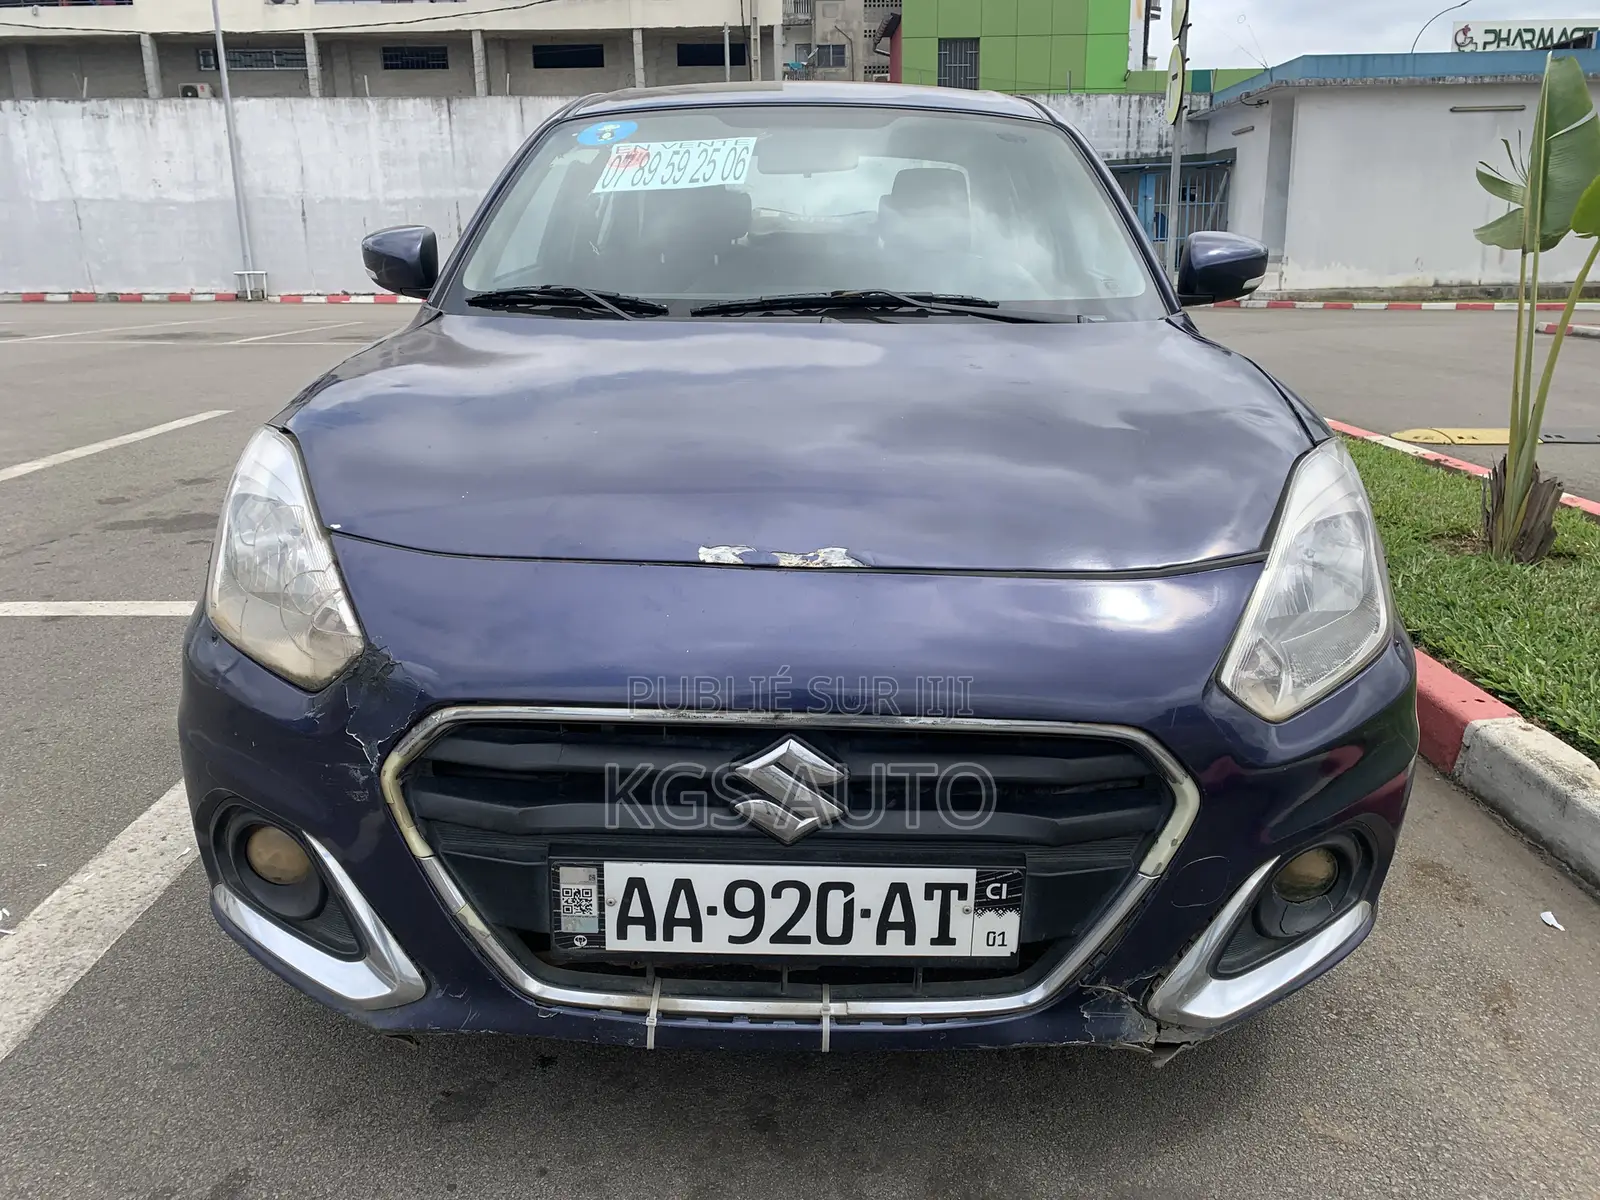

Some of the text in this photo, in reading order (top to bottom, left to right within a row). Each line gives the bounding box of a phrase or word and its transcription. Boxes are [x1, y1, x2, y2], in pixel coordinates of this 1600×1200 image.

[1483, 26, 1599, 49] PHARMAC
[616, 140, 750, 154] EN VENTE
[631, 151, 662, 187] 89
[661, 149, 691, 185] 59
[689, 148, 721, 183] 25
[721, 146, 749, 181] 06
[986, 883, 1008, 900] CI
[985, 931, 1008, 947] 01
|---|
Without any pictures, print the whole listing again exactly as it stands.

Some of the text in this photo, in reading order (top to bottom, left to right within a row). Each line gives the bounding box of a phrase or word and its transcription. Boxes are [x1, y1, x2, y2], in pixel coordinates of this 1600×1200 image.

[1483, 26, 1599, 49] PHARMAC
[616, 140, 750, 154] EN VENTE
[631, 151, 662, 187] 89
[661, 149, 691, 185] 59
[689, 148, 721, 183] 25
[721, 146, 749, 181] 06
[986, 883, 1008, 900] CI
[985, 931, 1008, 947] 01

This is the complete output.